Taxonomic group: Bombus

Where:Bumble bees inhabit a wide variety of natural, agricultural, urban, and rural habitats, although species richness tends to peak in flower-rich meadows of forests and subalpine zones (Goulson 2010). Bumble bees are generalist pollinators that visit a wide variety of plants. In California, Thorp et al. (1983) report that the top four plant families with the most records of bumble bee visitation are: 1) Compositae (=Asteraceae), 2) Leguminosae (=Fabaceae), 3) Labiatae (=Lamiaceae), and 4) Ericaceae. In general, bumble bee surveys should target flower-rich meadows with blooming plants that bumble bees are known to frequent. Note, however, that the floral associations of bumble bees are complicated by a variety of factors, including bumble bee species size, individual bee size, tongue length, specific floral preference, interspecific competition, pollen and nectar availability, flower species abundance within the landscape, and bumble bee species phenology (Thorp et al. 1983). For species-specific floral associations, see the section at the end of this protocol.

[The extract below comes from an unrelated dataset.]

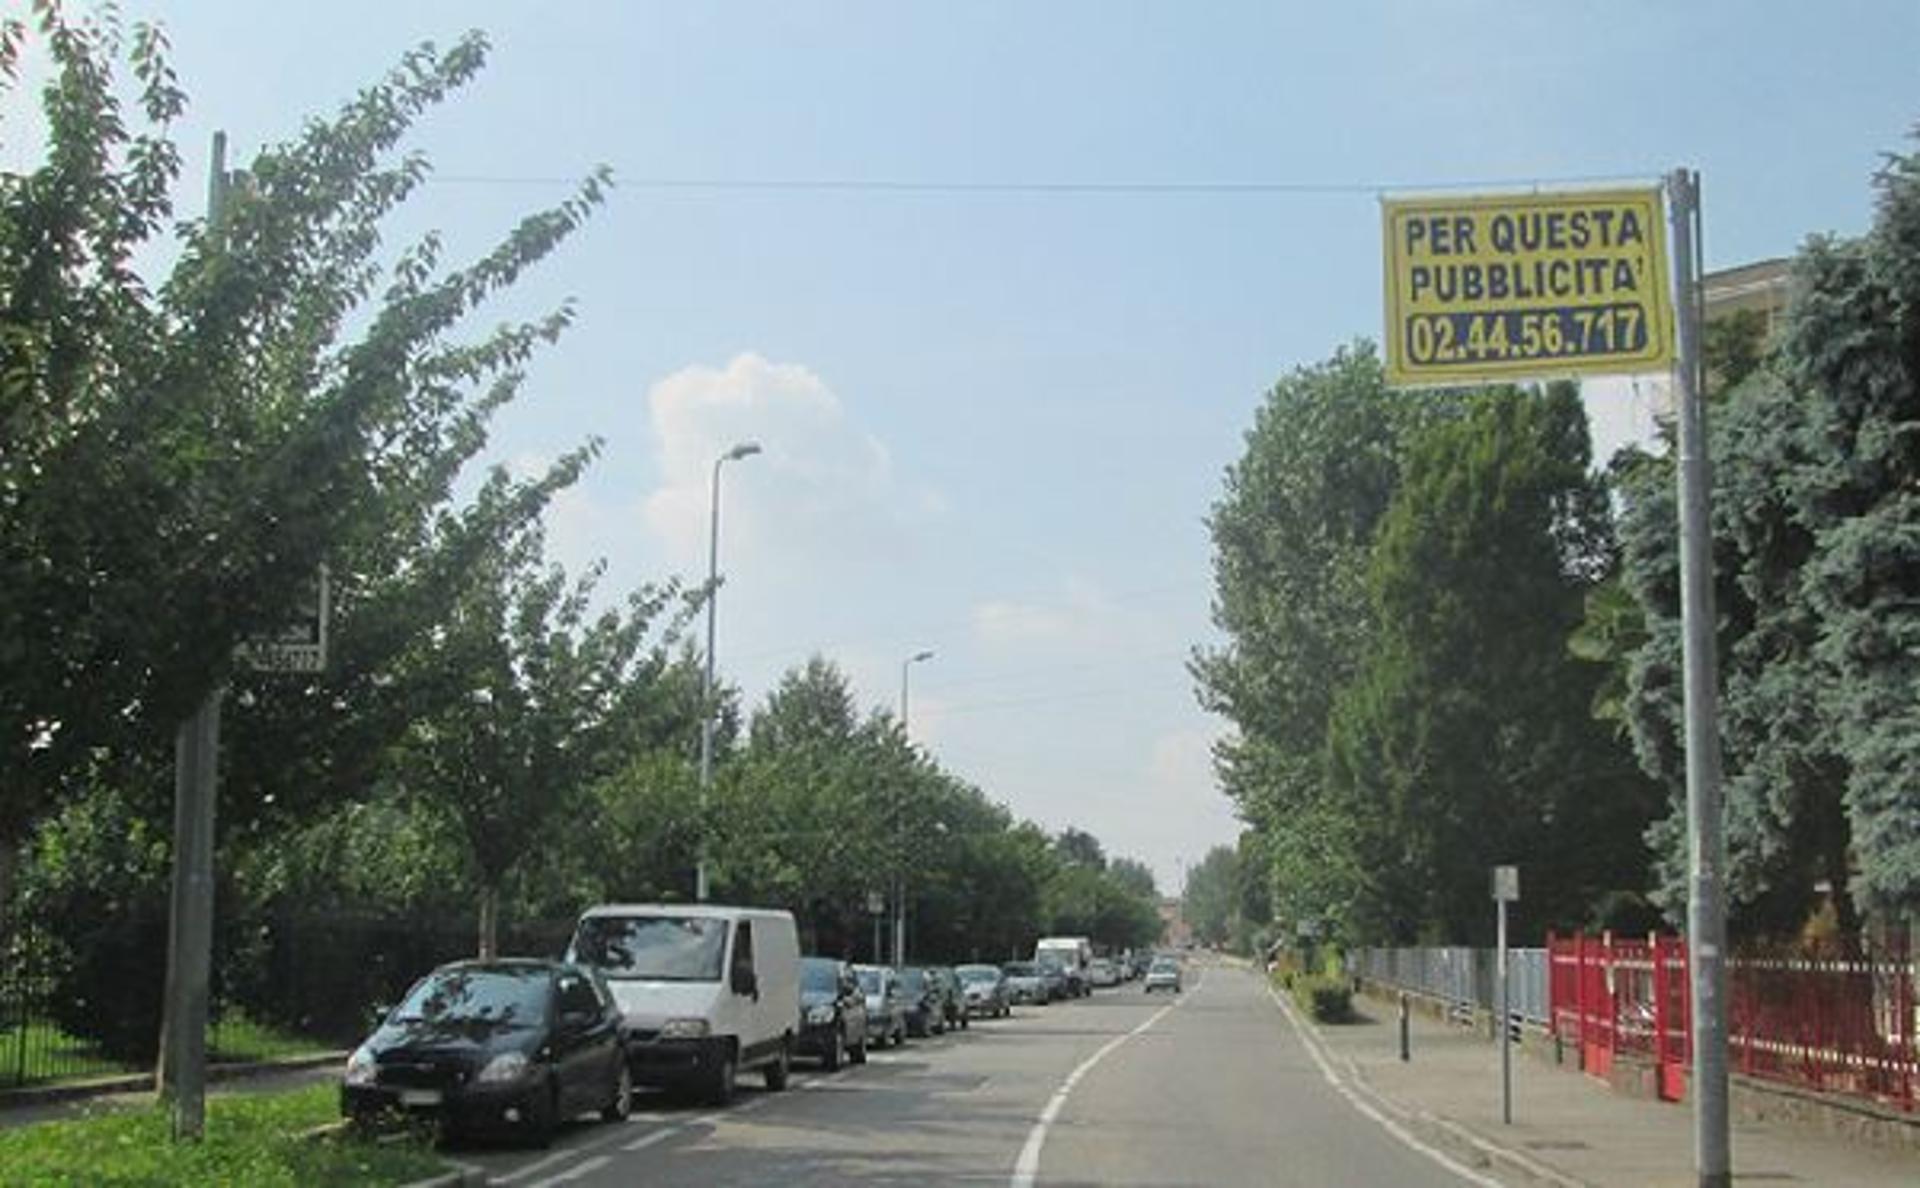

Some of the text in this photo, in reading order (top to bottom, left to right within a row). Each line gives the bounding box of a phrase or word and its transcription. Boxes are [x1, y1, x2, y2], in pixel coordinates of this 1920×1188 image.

When: Adult bumble bees are best surveyed in mid- to late summer, during the peak flight period for worker bumble bees. Targeting the period when adult worker bumble bees are most abundant reduces the possibility of capturing queens (which would effectively eliminate an entire bumble bee colony), and increases one’s chances of encountering the most number of species, including rare species. Because phenology varies by species and elevation, survey timing for specific sites can be determined by reviewing the phenology of historic records for the target species at nearby sites coupled with an understanding of the peak availability of floral resources at specific sites. Sampling should occur on warm, calm, and sunny days, since bee foraging activity is reduced in cold, windy and rainy conditions (LeBuhn et al. 2003).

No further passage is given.